Steinhoff – What happened?

Steinhoff Admit To “Accounting Irregularities”

One of the biggest Top 10 Shares JSE listed companies in South Africa has been hit by a shares collapse to mirror what happened with African Bank back in 2014. Steinhoff has been one of the worlds biggest household goods retailers for around 20 years. Many will know its familiar local brands: Pep stores, Ackermans, Tekkie Town, HiFi Corp, Incredible Connection, Dunns, ShoeCity and Shoprite.

Steinhoff International shares took a nosedive after it finally admitted to “accounting irregularities” this month. This came after speculation that the company had been inflating it’s value and hiding it’s financially distressed position for years. Recently the firm had reported a 48% increase in revenue which had seen some express doubt at such profitability and others rush to acquire shares.

‘a German magazine published an expose on the topic’

Doubts Since 2015

The whole matter was sparked off by a 2015 investigation by German authorities into possible accounting fraud. The matter was blown wide open when a German magazine published an expose on the topic. When Steinhoff’s CEO, Markus Jooste suddenly left the firm (much like what happened at African Bank) a huge warning signal went up to those fast enough to react. The shares value tumble was soon to follow.

 

Was It Just  Another Pyramid Scheme?

Over the years Steinhoff has repeatedly bought out smaller poor performing businesses and tried to turn them around.

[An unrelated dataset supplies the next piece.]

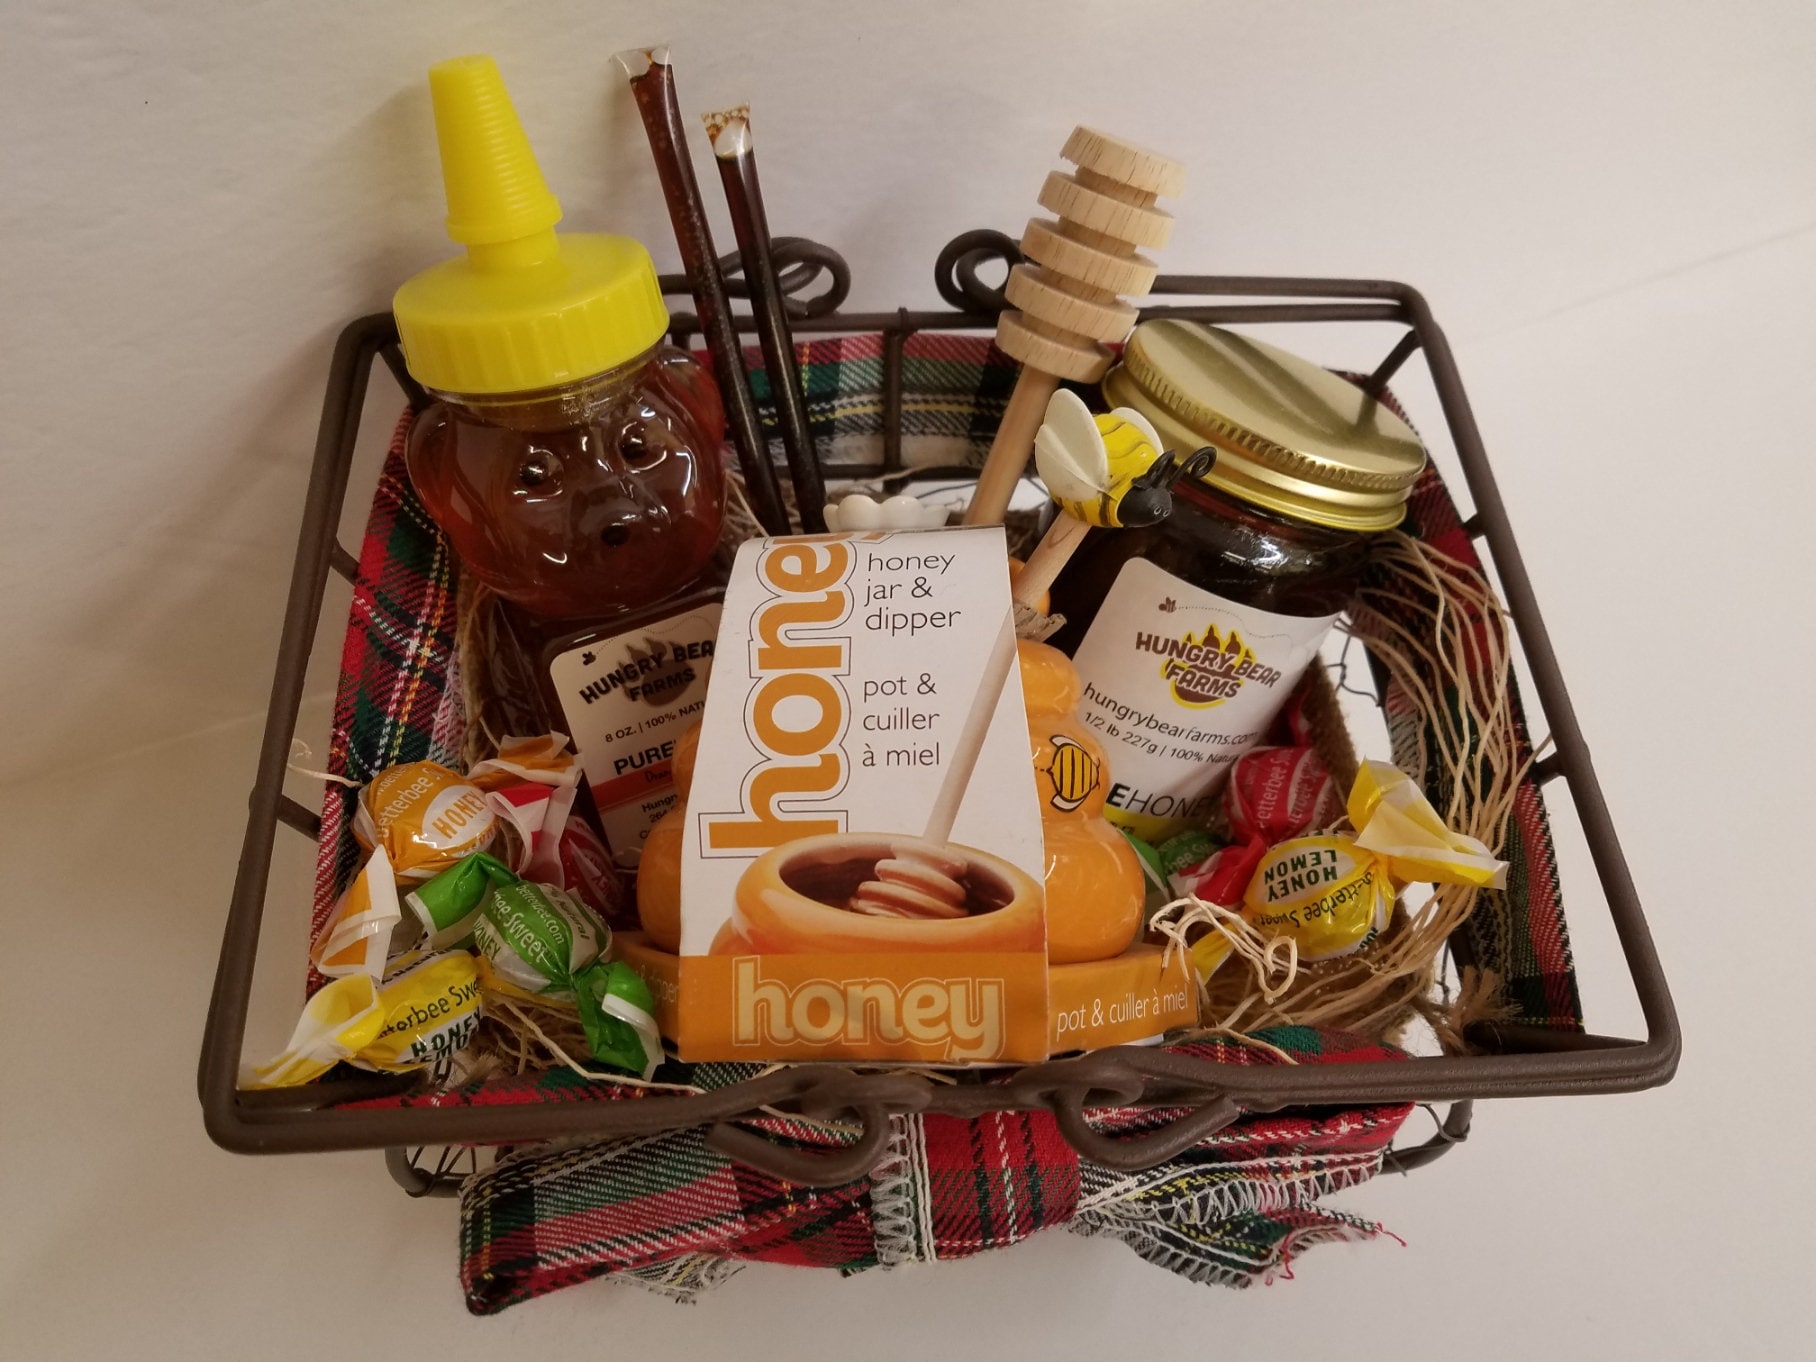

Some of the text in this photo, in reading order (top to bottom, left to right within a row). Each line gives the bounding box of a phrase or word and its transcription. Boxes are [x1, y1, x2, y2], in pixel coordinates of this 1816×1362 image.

They have progressively been taking on bigger and bigger loss makers which some say is a way to hide cashflow issues and losses.

Other large firms have, in the past, used similar means to hide financial distress for many years but came crashing down due to whistleblowers. For example, Enron in the USA.

‘its shares plummeted more than 60% in one days’ trading on the JSE’

Some Quick Cash To Try Right The Boat

Steinhoff have announced that they are selling off around R160 Billion worth of non core assets in an effort to increase the firms liquidity. Since the firm recently lost around R100 Billion as its shares plummeted more than 60% in one days’ trading on the JSE this amount is actually the absolute bare minimum needed to keep things even remotely rescuable.